In [11]:
import tensorflow as tf
import shutil
import zipfile
import os
from sklearn.model_selection import train_test_split


## Descomprimir archivo zip

In [12]:
# Rutas
archivo_zip = 'Imagenes_proyecto.zip'
carpeta_destino = 'data'

# Descomprimir el archivo ZIP
with zipfile.ZipFile(archivo_zip, 'r') as zip_ref:
    zip_ref.extractall(carpeta_destino)

print(f'Archivos extraídos en la carpeta: {carpeta_destino}')

Archivos extraídos en la carpeta: data


## Obtener rutas de archivos de imágenes y organizar estos archivos en conjuntos de entrenamiento y validación, clasificándolos por categoría (etiqueta).

In [13]:
def get_image_paths(directory_path):
    image_paths = []
    for root, dirs, files in os.walk(directory_path):
        for file in files:
            if file.lower().endswith(('.png', '.jpg', '.jpeg')):
                image_paths.append(os.path.join(root, file))
    return image_paths

def organize_data(image_paths, label, train_dir, val_dir, test_dir, test_size=0.2, random_state=42):
    # Divide los datos en entrenamiento (80%) y temp (20%)
    train_paths, temp_paths = train_test_split(image_paths, test_size=test_size, random_state=random_state)
    
    # Divide temp en validación (50%) y prueba (50%)
    val_paths, test_paths = train_test_split(temp_paths, test_size=0.5, random_state=random_state)

    def copy_images(paths, dest_dir):
        os.makedirs(dest_dir, exist_ok=True)
        for path in paths:
            shutil.copy(path, os.path.join(dest_dir, os.path.basename(path)))

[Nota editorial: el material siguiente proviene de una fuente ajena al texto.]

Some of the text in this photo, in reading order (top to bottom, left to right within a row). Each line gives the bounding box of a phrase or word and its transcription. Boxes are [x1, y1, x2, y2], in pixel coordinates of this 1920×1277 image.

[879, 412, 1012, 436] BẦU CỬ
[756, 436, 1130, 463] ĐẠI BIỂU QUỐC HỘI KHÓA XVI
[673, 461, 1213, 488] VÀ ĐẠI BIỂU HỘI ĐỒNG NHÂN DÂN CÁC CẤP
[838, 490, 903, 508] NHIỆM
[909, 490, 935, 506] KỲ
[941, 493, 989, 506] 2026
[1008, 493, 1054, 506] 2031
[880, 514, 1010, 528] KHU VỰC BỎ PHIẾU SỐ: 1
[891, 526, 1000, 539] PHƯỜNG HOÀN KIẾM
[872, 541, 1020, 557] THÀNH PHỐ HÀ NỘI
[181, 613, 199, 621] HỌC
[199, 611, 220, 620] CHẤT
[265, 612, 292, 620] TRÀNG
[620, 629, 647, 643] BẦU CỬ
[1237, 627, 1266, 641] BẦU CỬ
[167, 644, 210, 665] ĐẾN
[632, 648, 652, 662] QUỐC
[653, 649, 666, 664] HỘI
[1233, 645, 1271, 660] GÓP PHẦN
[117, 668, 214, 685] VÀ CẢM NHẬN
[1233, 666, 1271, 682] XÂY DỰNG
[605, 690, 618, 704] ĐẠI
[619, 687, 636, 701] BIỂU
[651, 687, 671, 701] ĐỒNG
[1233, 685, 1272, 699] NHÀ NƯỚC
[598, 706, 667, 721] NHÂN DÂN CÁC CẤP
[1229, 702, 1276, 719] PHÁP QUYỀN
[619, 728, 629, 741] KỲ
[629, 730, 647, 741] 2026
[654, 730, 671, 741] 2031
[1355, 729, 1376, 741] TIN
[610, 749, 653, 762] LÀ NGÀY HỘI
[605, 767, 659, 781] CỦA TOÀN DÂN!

    train_label_dir = os.path.join(train_dir, label)
    val_label_dir = os.path.join(val_dir, label)
    test_label_dir = os.path.join(test_dir, label)

    copy_images(train_paths, train_label_dir)
    copy_images(val_paths, val_label_dir)
    copy_images(test_paths, test_label_dir)

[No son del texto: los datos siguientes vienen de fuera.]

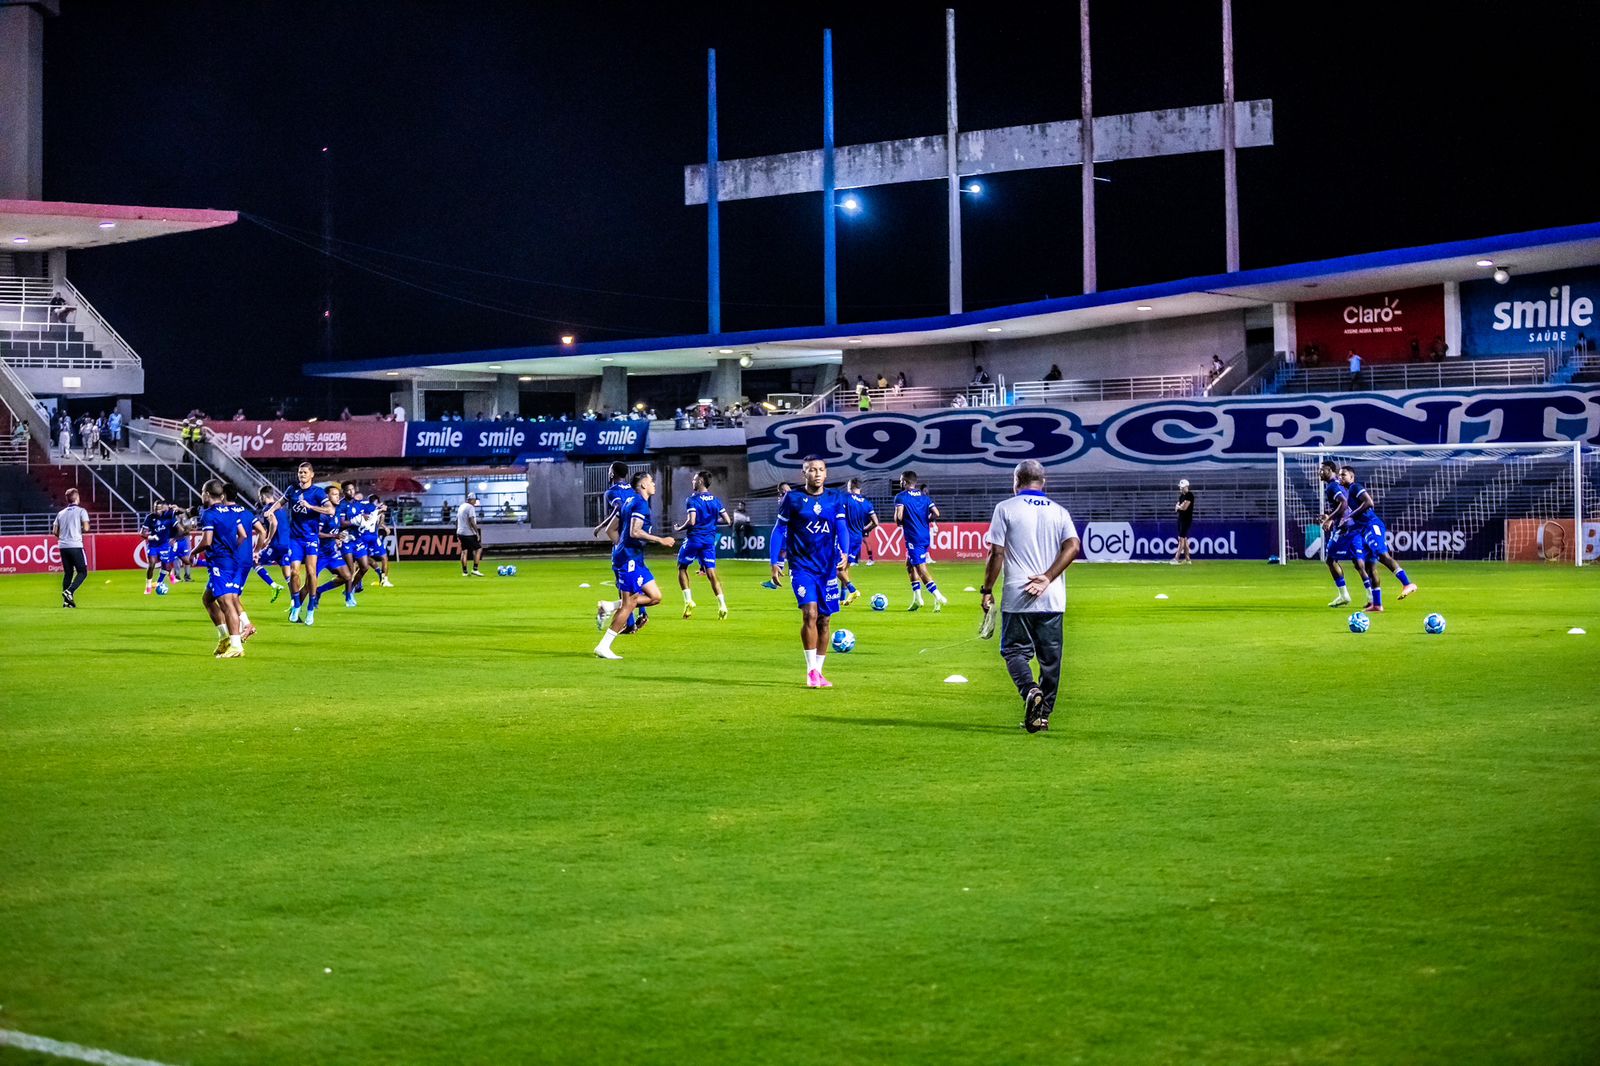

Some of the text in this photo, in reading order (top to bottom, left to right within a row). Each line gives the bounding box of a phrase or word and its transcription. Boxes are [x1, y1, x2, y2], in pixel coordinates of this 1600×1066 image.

[1343, 303, 1394, 324] Claro
[1492, 285, 1594, 331] smile
[1528, 330, 1567, 343] SAÚDE
[282, 432, 347, 442] ASSINE AGORA
[416, 426, 463, 447] smile
[478, 426, 525, 447] smile
[538, 426, 586, 446] smile
[597, 425, 637, 445] smile
[769, 394, 1600, 468] 1913 CENT
[281, 442, 347, 452] 0800 720 1234
[1023, 498, 1050, 506] VOLT
[805, 520, 831, 534] CSA
[1088, 528, 1130, 554] bet

    return len(train_paths), len(val_paths), len(test_paths)


In [14]:

#carpeta donbde se van a almacenar los datos de train y val
working_dir = 'dataset_final'

# Verifica si la carpeta ya existe
if not os.path.exists(working_dir):
    # Crea la carpeta si no existe
    os.makedirs(working_dir)
    print(f'Carpeta "{working_dir}" creada con éxito.')
else:
    print(f'La carpeta "{working_dir}" ya existe.')

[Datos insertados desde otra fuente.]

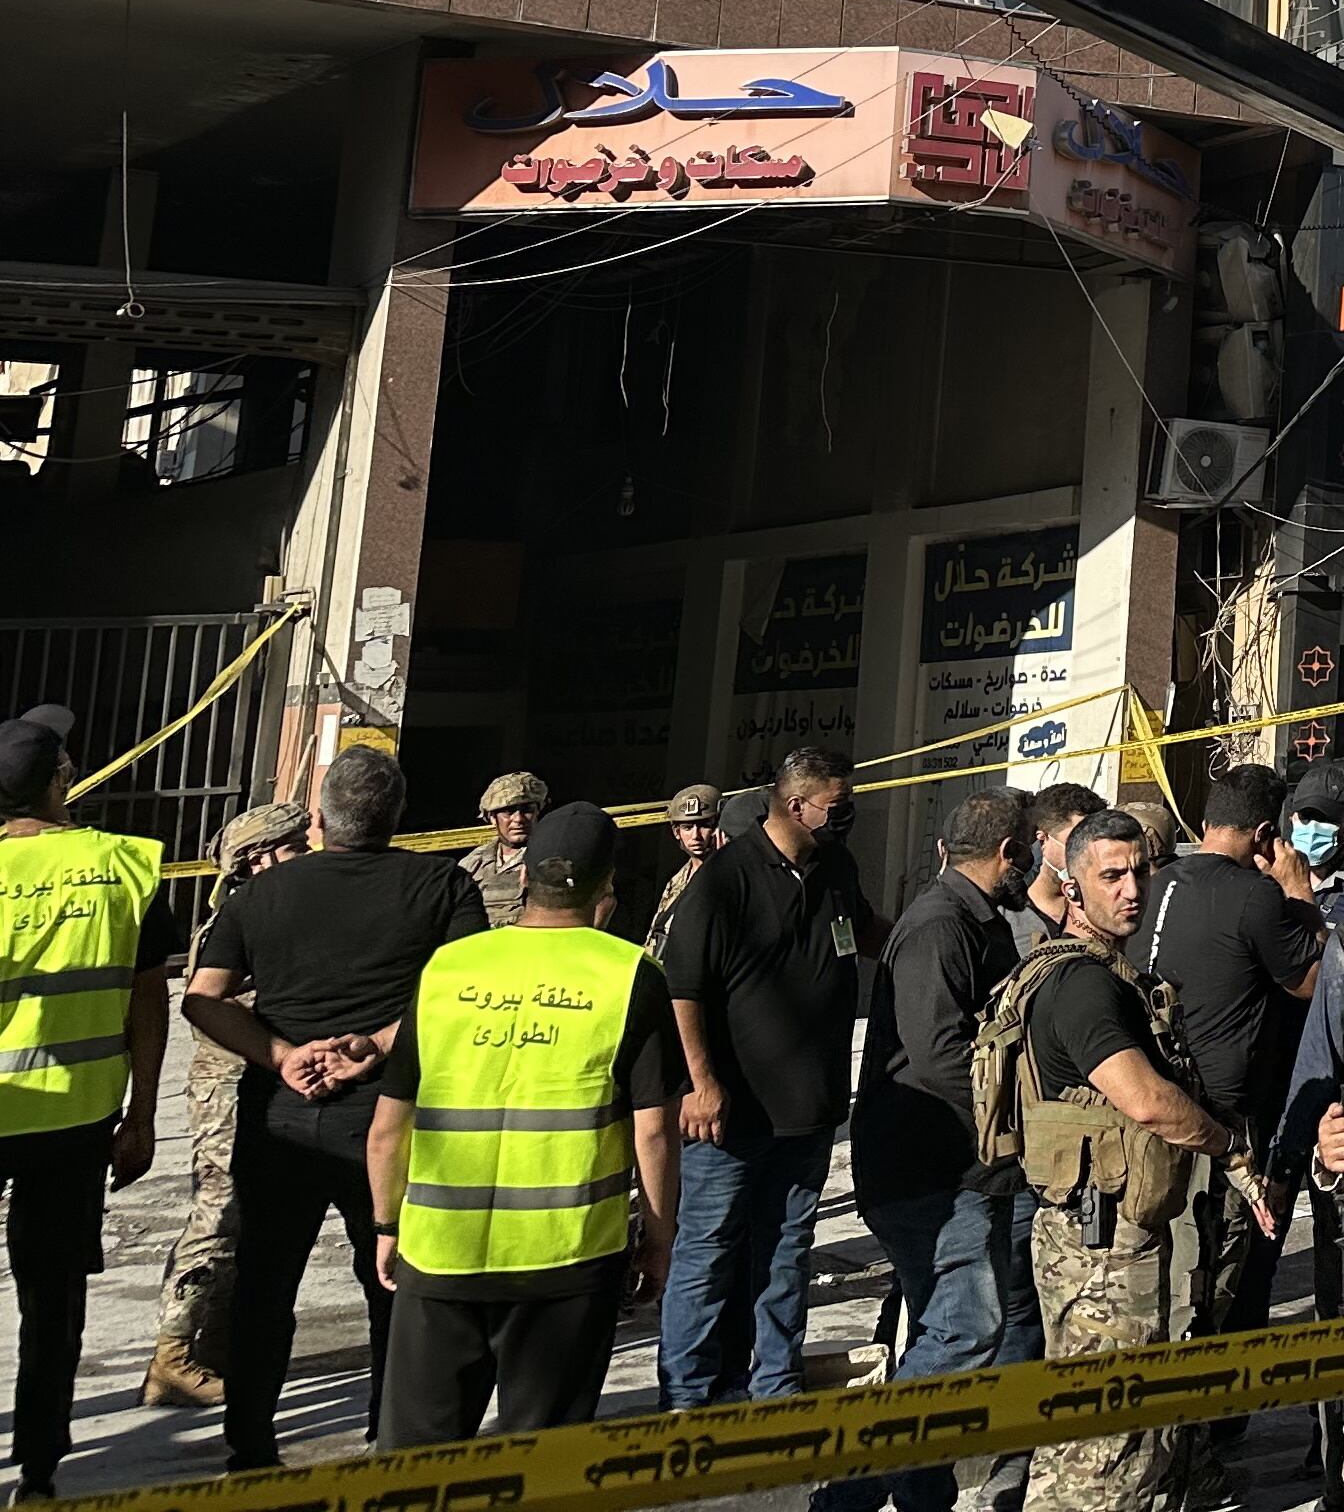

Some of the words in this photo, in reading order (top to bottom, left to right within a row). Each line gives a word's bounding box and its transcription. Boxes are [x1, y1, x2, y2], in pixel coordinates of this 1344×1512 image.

[1040, 665, 1067, 682] عدة
[62, 868, 122, 887] منطقة
[457, 984, 523, 1012] بيروت
[531, 982, 594, 1012] منطقة
[472, 1019, 560, 1050] الطوارئ

Carpeta "dataset_final" creada con éxito.


In [15]:
# Directorio donde se encuentran las imágenes 
glioma_tumor_dir = 'data\\Data\\glioma_tumor'
meningioma_tumor_dir ='data\\Data\\meningioma_tumor'
normal_dir = 'data\\Data\\normal'
pituitary_tumor_dir = 'data\\Data\\pituitary_tumor'

# Guardando las carpetas de train, val y test
train_dir = os.path.join(working_dir, 'train')
val_dir = os.path.join(working_dir, 'val')
test_dir = os.path.join(working_dir, 'test') 


In [16]:
# Función get_image_paths
glioma_image_paths = get_image_paths(glioma_tumor_dir)
meningioma_image_paths = get_image_paths(meningioma_tumor_dir)
normal_image_paths = get_image_paths(normal_dir)
pituitary_image_paths = get_image_paths(pituitary_tumor_dir)

# Función organize_data
num_train_glioma, num_val_glioma, num_test_glioma = organize_data(glioma_image_paths, 'glioma_tumor', train_dir, val_dir, test_dir)
num_train_meningioma, num_val_meningioma, num_test_meningioma = organize_data(meningioma_image_paths, 'meningioma_tumor', train_dir, val_dir, test_dir)
num_train_normal, num_val_normal, num_test_normal = organize_data(normal_image_paths, 'normal', train_dir, val_dir, test_dir)
num_train_pituitary, num_val_pituitary, num_test_pituitary = organize_data(pituitary_image_paths, 'pituitary_tumor', train_dir, val_dir, test_dir)


In [18]:
# Imprimir resultados
print("Número de imágenes de entrenamiento:")
print(f"Glioma: {num_train_glioma}")
print(f"Meningioma: {num_train_meningioma}")
print(f"Normal: {num_train_normal}")
print(f"Pituitary: {num_train_pituitary}")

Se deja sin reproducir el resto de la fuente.